世間におけるお寺のイメージは色々あるかと思います。
ただその多くは、「自分の願いをかなえてもらう場所」「悩みを解決するところ」として参拝する人がほとんどではないでしょうか。
人生をより豊かにするため「健康・長寿」「学歴・名誉」「財産・裕福」にこだわる思いは誰しもがもっており、その望みをかなえるため努力し、悩みながら生活を送っているのが私たちです。
釈尊は、私たちが願っているこれらの望みをすべて満たした人生を送っておられましたが、それゆえに苦しみ、すべての生活を捨てて出家されました。
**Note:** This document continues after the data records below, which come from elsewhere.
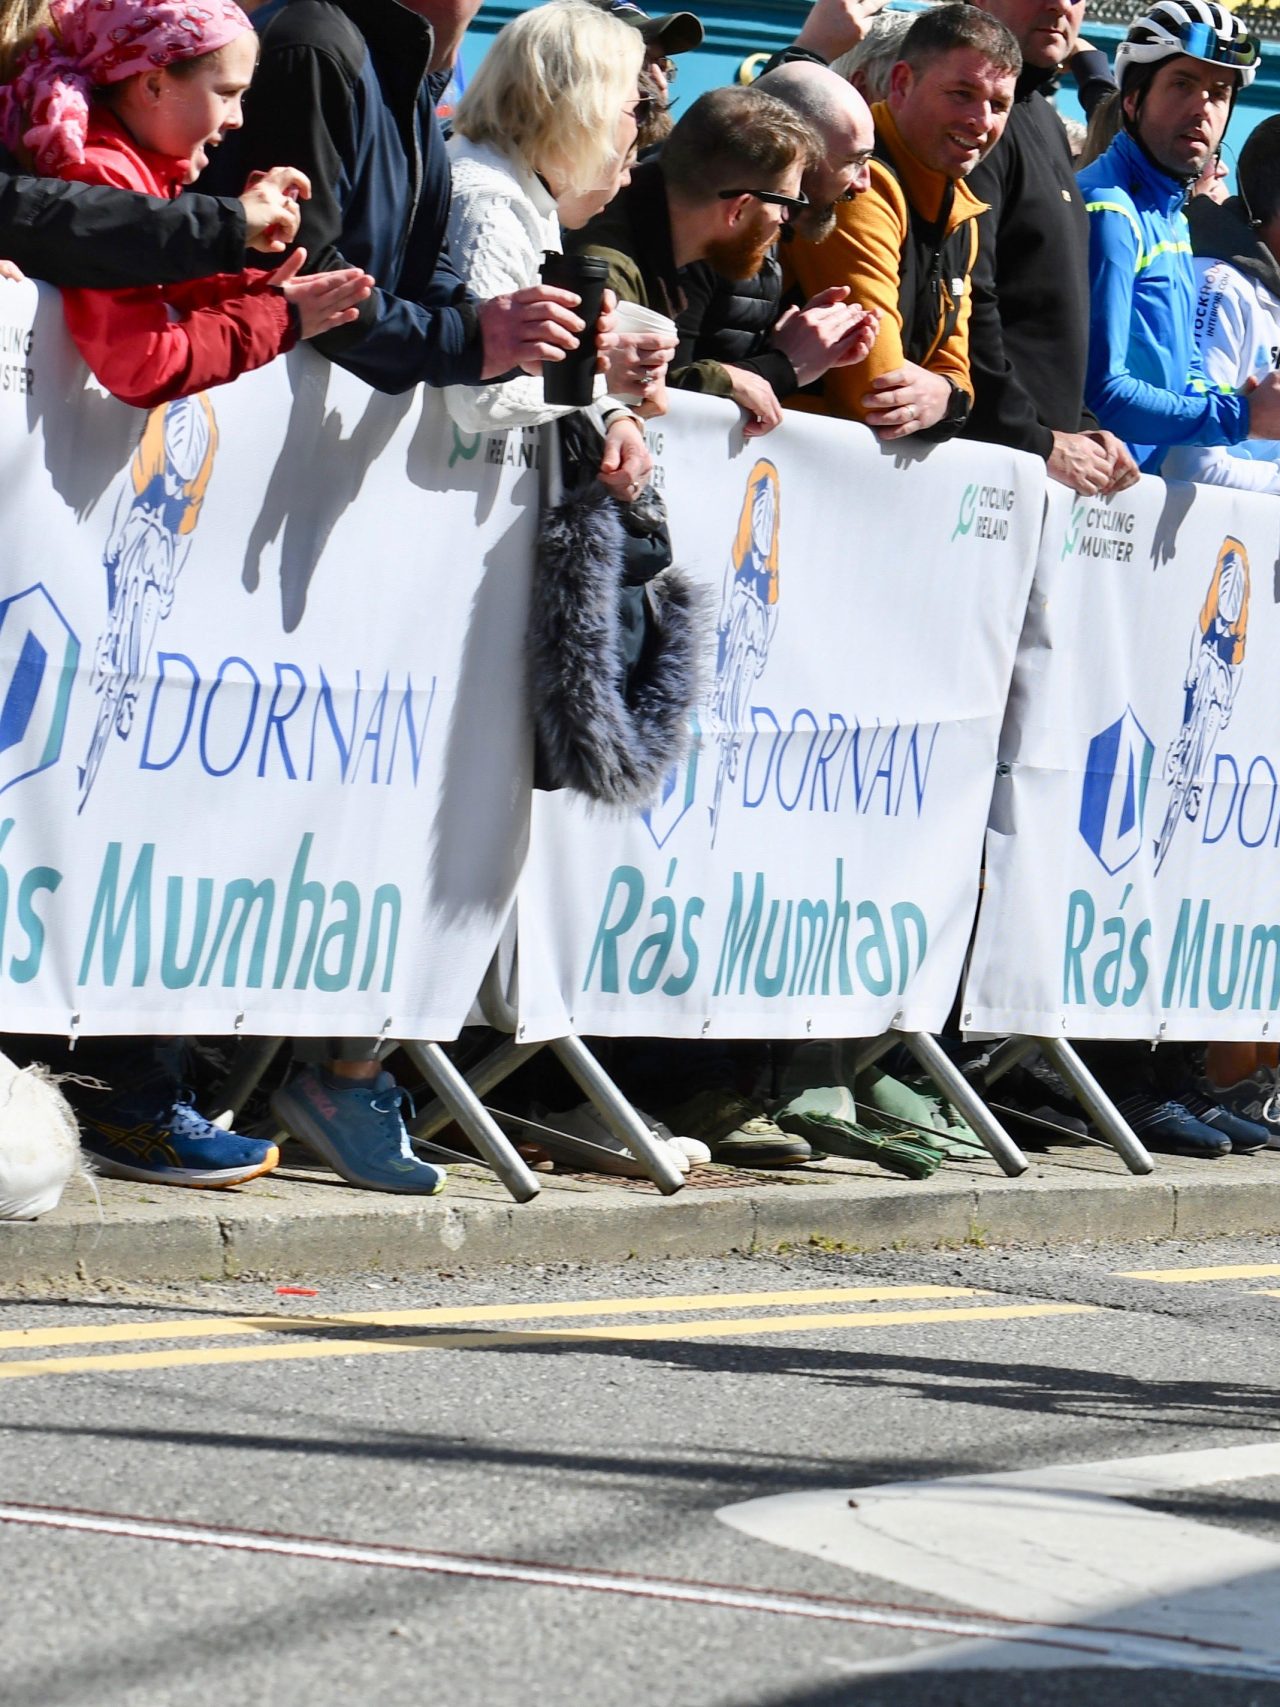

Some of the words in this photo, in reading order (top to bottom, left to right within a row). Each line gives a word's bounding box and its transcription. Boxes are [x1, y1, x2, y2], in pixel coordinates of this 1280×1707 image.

[975, 516, 1009, 541] IRELAND
[979, 486, 1015, 511] CYCLING
[1078, 535, 1134, 562] MUNSTER
[1086, 508, 1136, 534] CYCLING
[139, 651, 437, 788] DORNAN
[743, 706, 942, 819] DORNAN
[78, 832, 402, 994] Mumhan
[583, 857, 704, 997] Rás
[712, 857, 929, 998] Mumhan
[1062, 883, 1153, 1009] Rás
我々からすると信じられないことですが、欲望を満たしても幸せになれないことを、釈尊は身をもって経験し、そこで得た考え方や教えは今もなお多くの人の心を引き付けます。
現在、社会問題として取り上げられている宗教は、表向きは世間への貢献を謳っていますが、つき詰めてみれば自我の欲望を満たす教えであることがわかります。
以前はこのような実態は把握するのに時間がかかりましたが、SNSの発達により多くが認識できるようになり、ある意味では本来の仏教である浄土真宗の教えが、より正確に伝わる時代へと変化し、多くの人に真実を学んでいただく機会を得ております。
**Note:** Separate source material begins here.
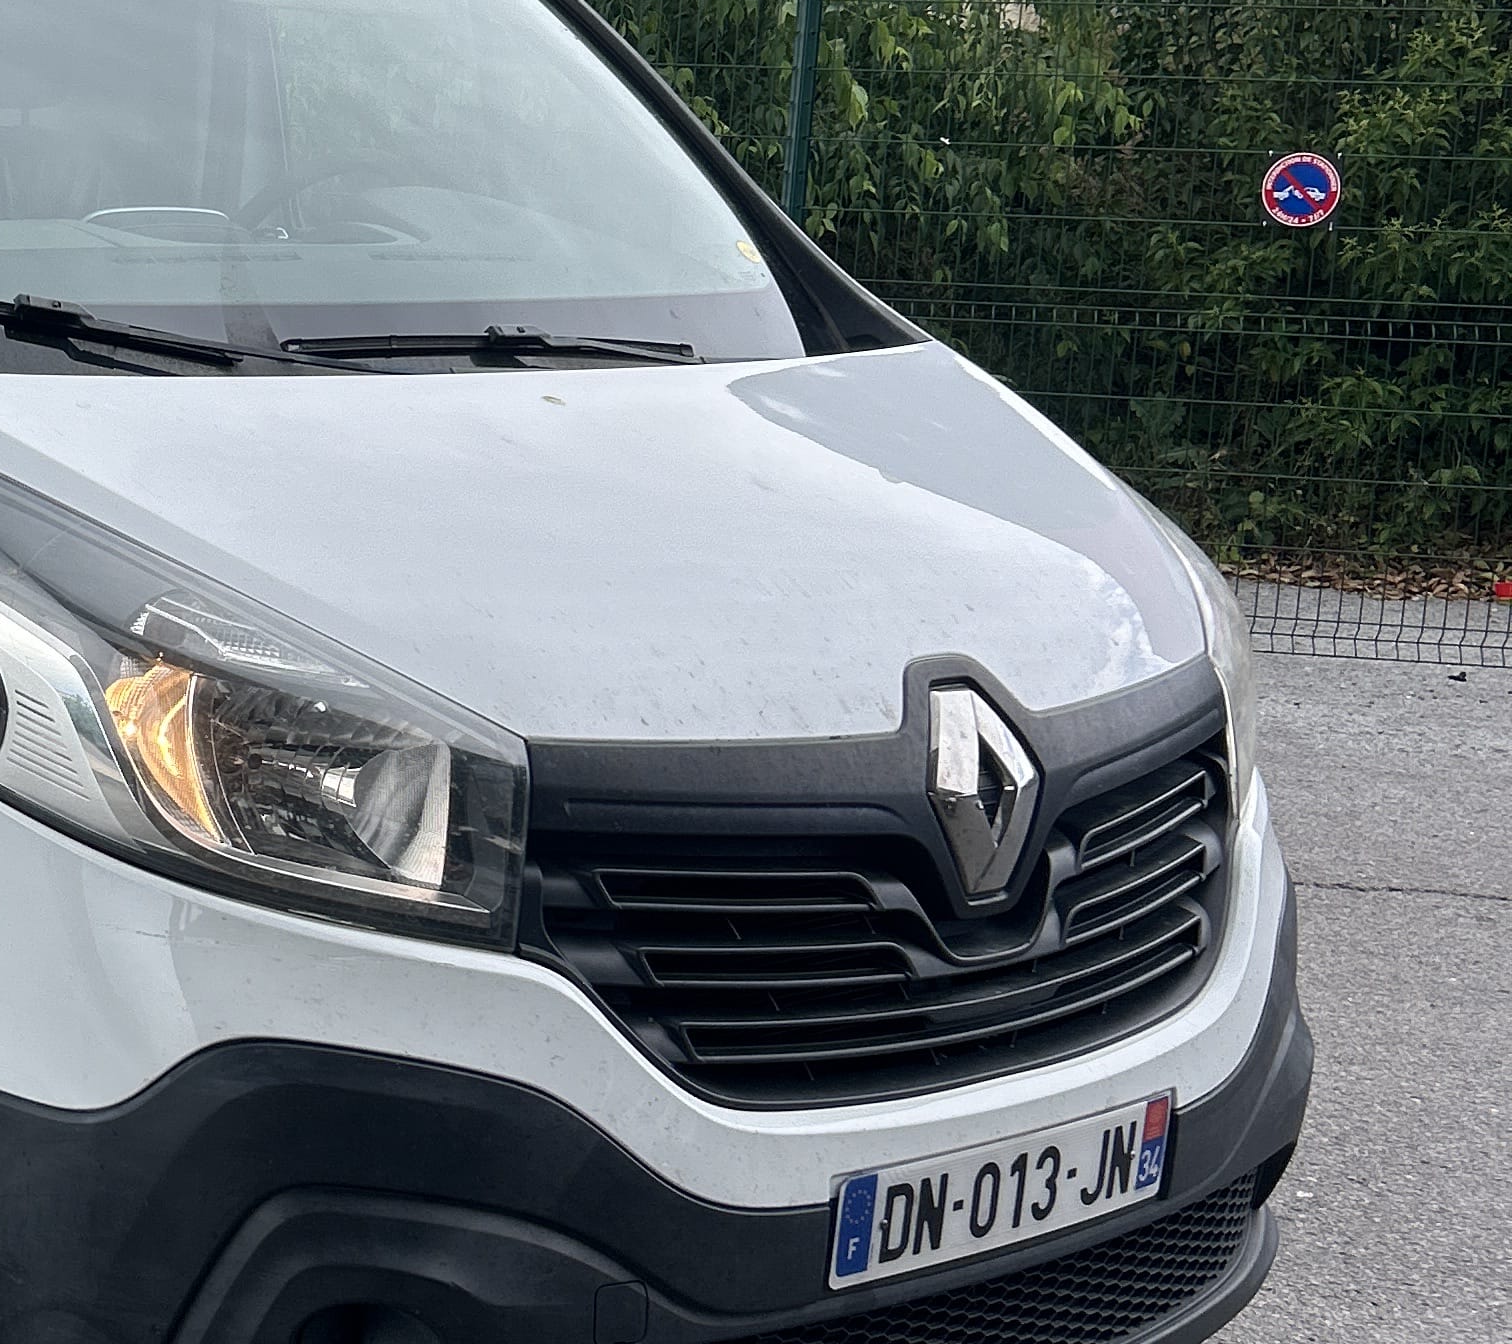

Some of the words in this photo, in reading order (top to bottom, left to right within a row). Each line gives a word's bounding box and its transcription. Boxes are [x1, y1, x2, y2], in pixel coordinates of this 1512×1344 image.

[1138, 1145, 1161, 1182] 34
[878, 1120, 1137, 1264] DN-013-JN
[846, 1236, 861, 1261] F
歴史的な面もありますが、近年は社会情勢に疎く、動きが緩慢な
浄土真宗の教団ですが、1軒1軒をみてみると、個性的でセンスのある活動をしているお寺もたくさんあり、見通しは明るいと思い
ます。
私自身もまだまだ無駄な動きが多く、浪費を重ねることもありますが、皆さんに知っていただきたいこの教えを、次の世代へ受けつがれるよう、心のふれあう場として佛照寺を相続していきます。